You see, God, I have a little problem with this whole holocaust thing. You know, the 12 million people who were killed and all. It just bothers me. Here's what I've been thinking:

1) You can and do intervene in human affairs. The Bible records you doing so many times, and modern-day Christians pray to you, because they believe that you will help them, at least every once in a while.
2) You are omnipotent. You are aware of everything that is currently occurring, and also aware of what will occur.
3) Therefore, it would have been possible for you to stop the holocaust before it even began.

Now, let's imagine the year is 1939. Say I told someone in 1939 exactly what was going to happen in Nazi Germany. I then gave this person a button. I say: if you press this button, there will be no holocaust. If you don't press it, 12 million innocent people will be murdered. Is there anyone who would claim this person was acting morally if he didn't press the button? I doubt it.

So thanks, God, but no thanks. If I'm going to choose to believe in an omniscient being who is kind, merciful, and loving, I think I'd at least want to believe in one that would stop the brutal murder of 12 million of my fellow human beings.


"Never should I forget that nocturnal silence which deprived me, for all eternity, of the desire to live. Never shall I forget those moments which murdered my God and my soul and turned my dreams to dust."- Elie Wiesel

"In the concentration camp I had cried out in sorrow and anger against God and also against man, who seemed to have inherited only the cruelty of his creator."- Elie Wiesel

Not all Jews people made it out with their faith intact.


Shanoyu: you seem to be mixing like two or three different religions there(or does the Bible discuss Karma?) But I just don't accept your defense. I *might* be able to accept it if God had a general policy of non-interference. Some sort of divine Prime Directive. But again, in the Old Testament, God was interfering like it was going out of style, and a main part of the Christian faith still seems to be the belief that God will intervene. What's the point of saying "Please God, save my sick child.", if not that you think God might come through for you. So how many people must have been praying in the concentration camps? God chose to ignore those prayers, and I while it was clearly humans who were doing the killing, God was guilty for letting it happen(if he exists, is obviously the assumption here).

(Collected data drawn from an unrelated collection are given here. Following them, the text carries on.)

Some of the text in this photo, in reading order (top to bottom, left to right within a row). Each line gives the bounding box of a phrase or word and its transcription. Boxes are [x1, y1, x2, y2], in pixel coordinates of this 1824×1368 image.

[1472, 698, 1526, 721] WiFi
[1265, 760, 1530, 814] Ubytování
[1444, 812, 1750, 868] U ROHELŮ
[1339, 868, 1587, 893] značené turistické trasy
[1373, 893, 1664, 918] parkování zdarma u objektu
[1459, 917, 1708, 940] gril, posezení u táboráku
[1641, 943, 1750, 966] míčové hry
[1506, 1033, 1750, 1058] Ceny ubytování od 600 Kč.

I just simply don't think the Holocaust is compatible with the Christian concept of God. Other faiths might be OK, but not a faith with a God who supposedly cares about, and helps, humans.


(idea) by mcSey (5.3 mon) (print)   ?   (I like it!) Thu Jun 22 2000 at 4:58:00

Well, how about God does not care about those killed in the holocaust, or Heaven needs souls, or more likely God does not exist?

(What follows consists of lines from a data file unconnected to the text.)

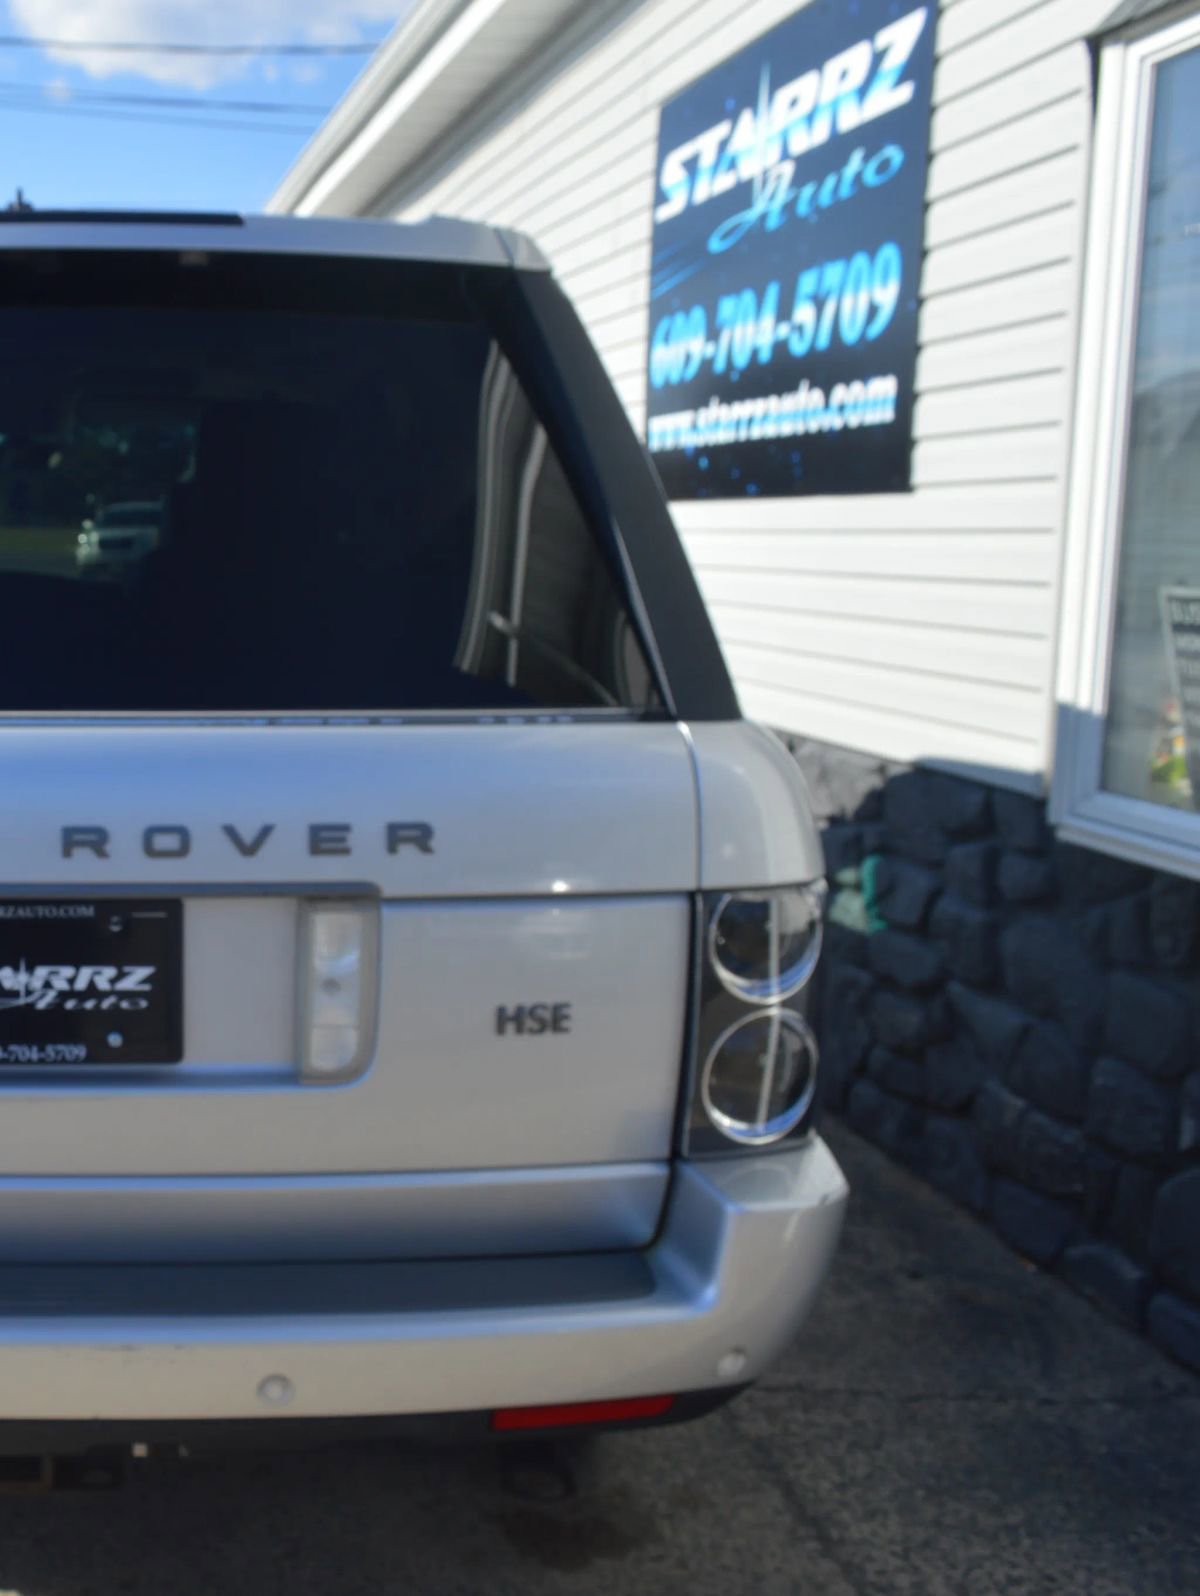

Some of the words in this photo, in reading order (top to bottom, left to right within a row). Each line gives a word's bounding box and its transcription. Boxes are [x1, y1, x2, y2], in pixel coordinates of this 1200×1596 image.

[655, 6, 928, 223] STARRZ
[707, 144, 904, 254] Auto
[650, 241, 902, 388] 609-704-5709
[61, 821, 435, 859] ROVER
[496, 1003, 572, 1035] HSE

But anyway suppose God exists, why would shem (shem's an all purpose pronoun I made up to describe multisexed things... strangely though its plural is shemp) allow suffering? Job goes to great pain in the Old Testament of the Christian bible to explain why we suffer in the presence of this all purpose omnipotence (i like how omnipotence sounds a lot like impotent, seems fitting to me).

Buddhism considers the human condition as suffering which can only be overcome by coming into harmony with the misery. Islam literally means submission, which, though it probably translates poorly, is a word that many see as synonymous with suffering. Hinduism probably has a God of Suffering (I'm guessing here. I don't know many Hindus).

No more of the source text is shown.